California’s Invisible Gays

These days, it's pretty hard to walk the streets of a California city without seeing same-sex couples - shopping, strolling, holding hands, sometimes accompanied by children. What used to be called, self-consciously, "public displays of affection" are now merely public displays of ordinary family life. For gay folks, then, it is all the more stinging an irony that the one place where same-sex couples are invisible is in the advertising war over Proposition 8.

Proposition 8, of course, is the constitutional ballot initiative on whether to retain or reject same-sex marriage, which was legalized by the state Supreme Court in May. Given California's power to shape national trends, the stakes for both sides could not be much higher. But given the sheer size of the state's media market, TV advertising could not be much more expensive. For both sides, the premium is on common-denominator messaging that appeals to the largest possible number of swing voters while causing a minimum of political backlash.

The need to walk that tightrope helps explain why the actual subjects of next month's initiative, gay couples, were "inned" by the "No on 8" campaign's ads. (Full disclosure: I am a "No on 8" donor.) One ad, for example, features a gray-haired straight couple. "Our gay daughter and thousands of our fellow Californians will lose the right to marry," says mother Julia Thoron.

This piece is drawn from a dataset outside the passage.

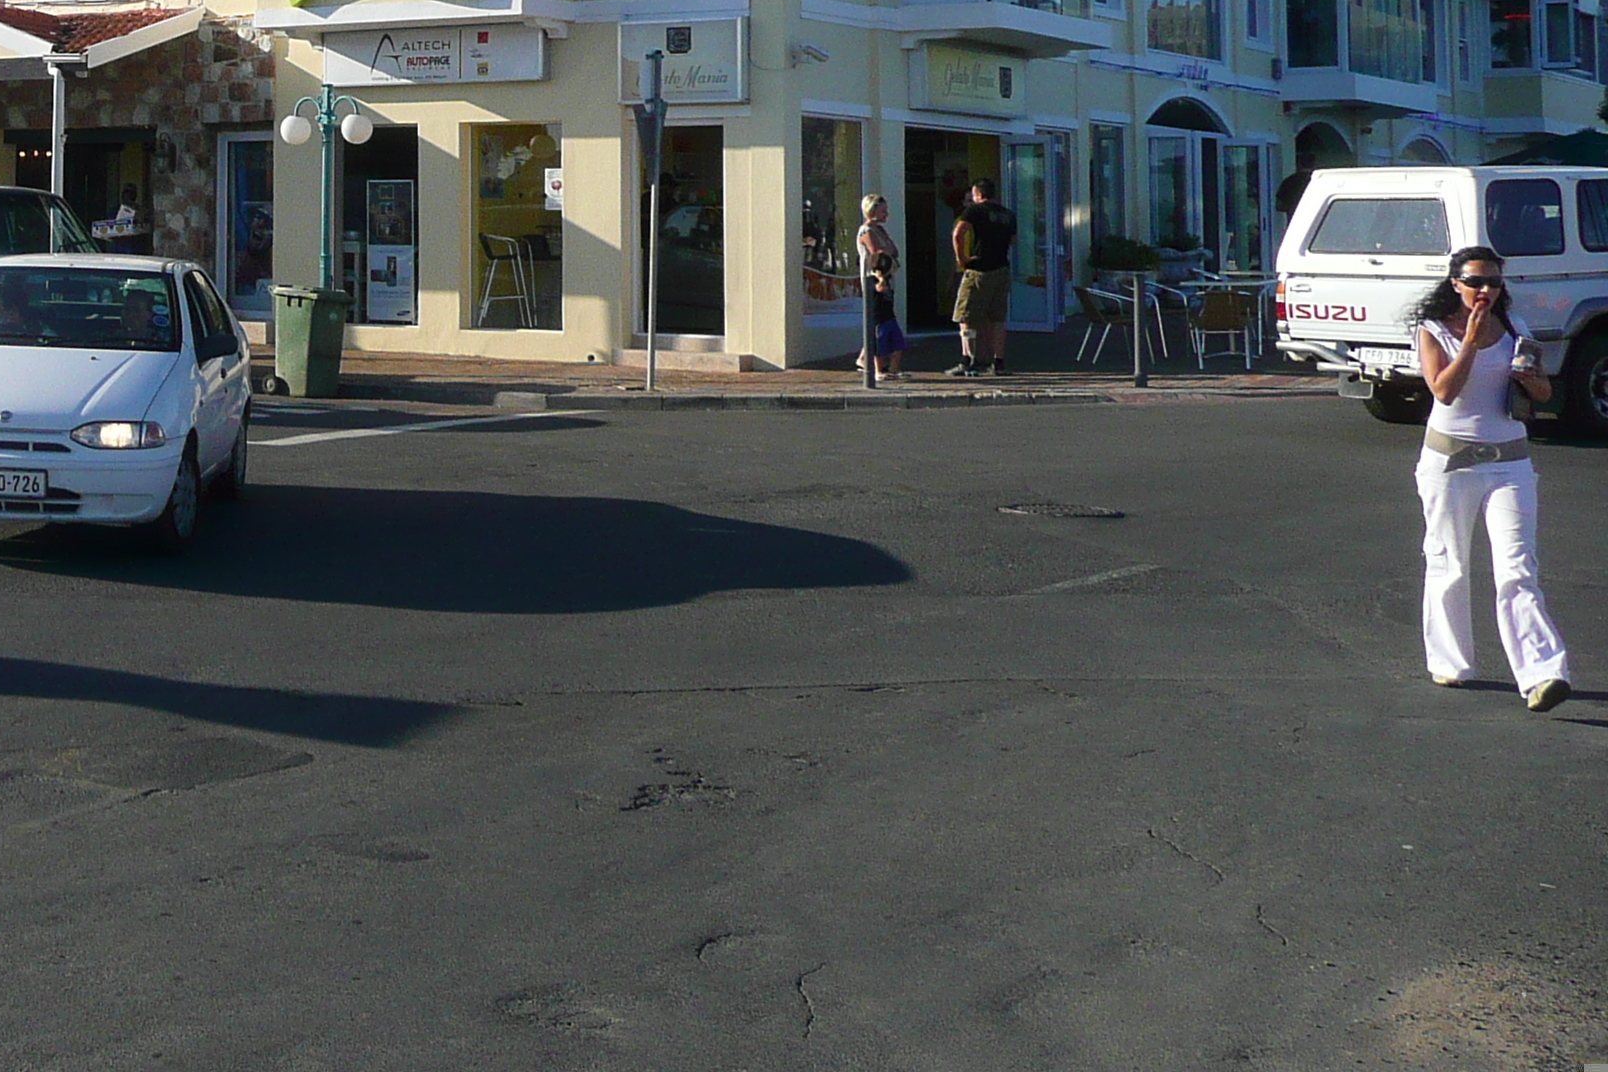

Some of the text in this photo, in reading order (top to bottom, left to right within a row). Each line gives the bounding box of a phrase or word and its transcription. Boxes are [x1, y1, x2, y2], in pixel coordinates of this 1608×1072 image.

A subsequent ad, all text with voice-over narration, mentions marriage only once ("Regardless of how you feel about marriage, it's wrong to treat people differently under the law") and never uses the phrase "gay marriage" or even the word "gay." Just as oblique was a spot, released Wednesday, in which state Supt. of Public Instruction Jack O'Connell reassures viewers that "Prop. 8 has nothing to do with schools or kids. Our schools aren't required to teach anything about marriage." A casual viewer could have come away from these ads puzzled as to exactly what right thousands of Californians might be about to lose.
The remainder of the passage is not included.